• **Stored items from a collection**
▽
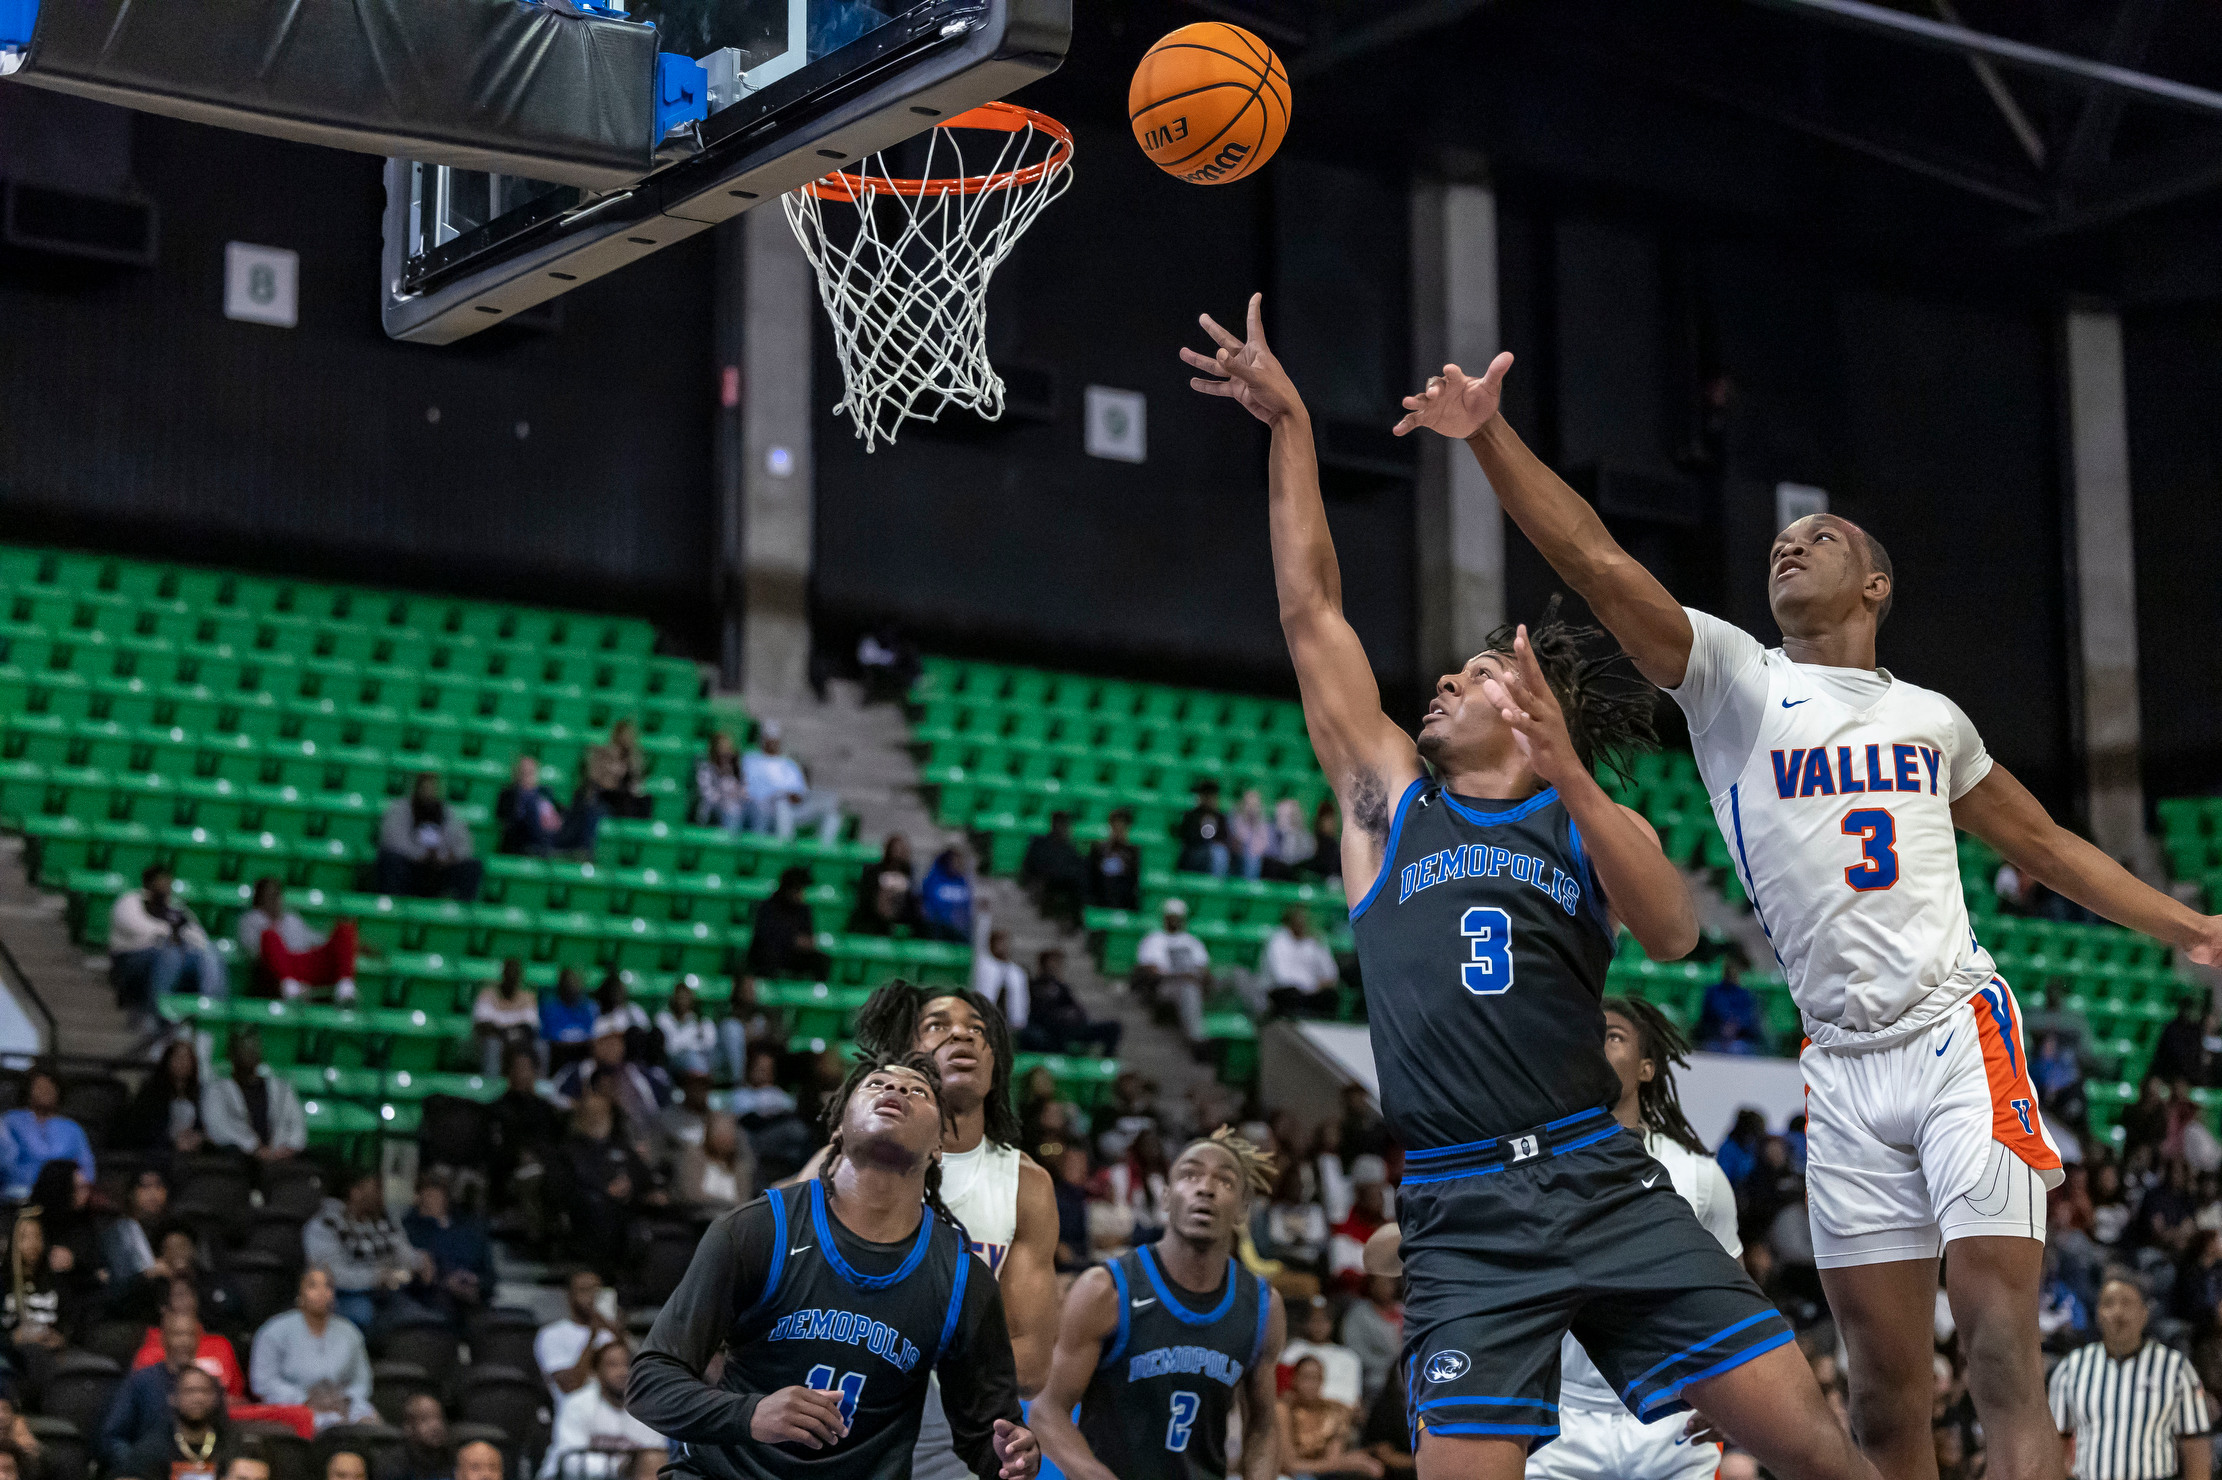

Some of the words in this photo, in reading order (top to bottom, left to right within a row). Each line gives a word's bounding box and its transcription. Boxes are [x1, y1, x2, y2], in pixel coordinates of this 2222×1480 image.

[1770, 743, 1941, 799] VALLEY
[1399, 844, 1580, 916] DEMOPOLIS
[1841, 807, 1899, 892] 3
[1460, 907, 1514, 995] 3
[768, 1309, 921, 1374] DEMOPOLIS
[1128, 1345, 1244, 1388] DEMOPOLI
[1165, 1390, 1201, 1453] 2
△
• **Work order**
From the first line to the last, print the records exactly; leave out the pictures.

• **Answer for the task**
Some of the words in this photo, in reading order (top to bottom, left to right within a row). Each line gives a word's bounding box and its transcription. Boxes are [x1, y1, x2, y2], in pixel coordinates of this 2222×1480 image.

[1770, 743, 1941, 799] VALLEY
[1399, 844, 1580, 916] DEMOPOLIS
[1841, 807, 1899, 892] 3
[1460, 907, 1514, 995] 3
[768, 1309, 921, 1374] DEMOPOLIS
[1128, 1345, 1244, 1388] DEMOPOLI
[1165, 1390, 1201, 1453] 2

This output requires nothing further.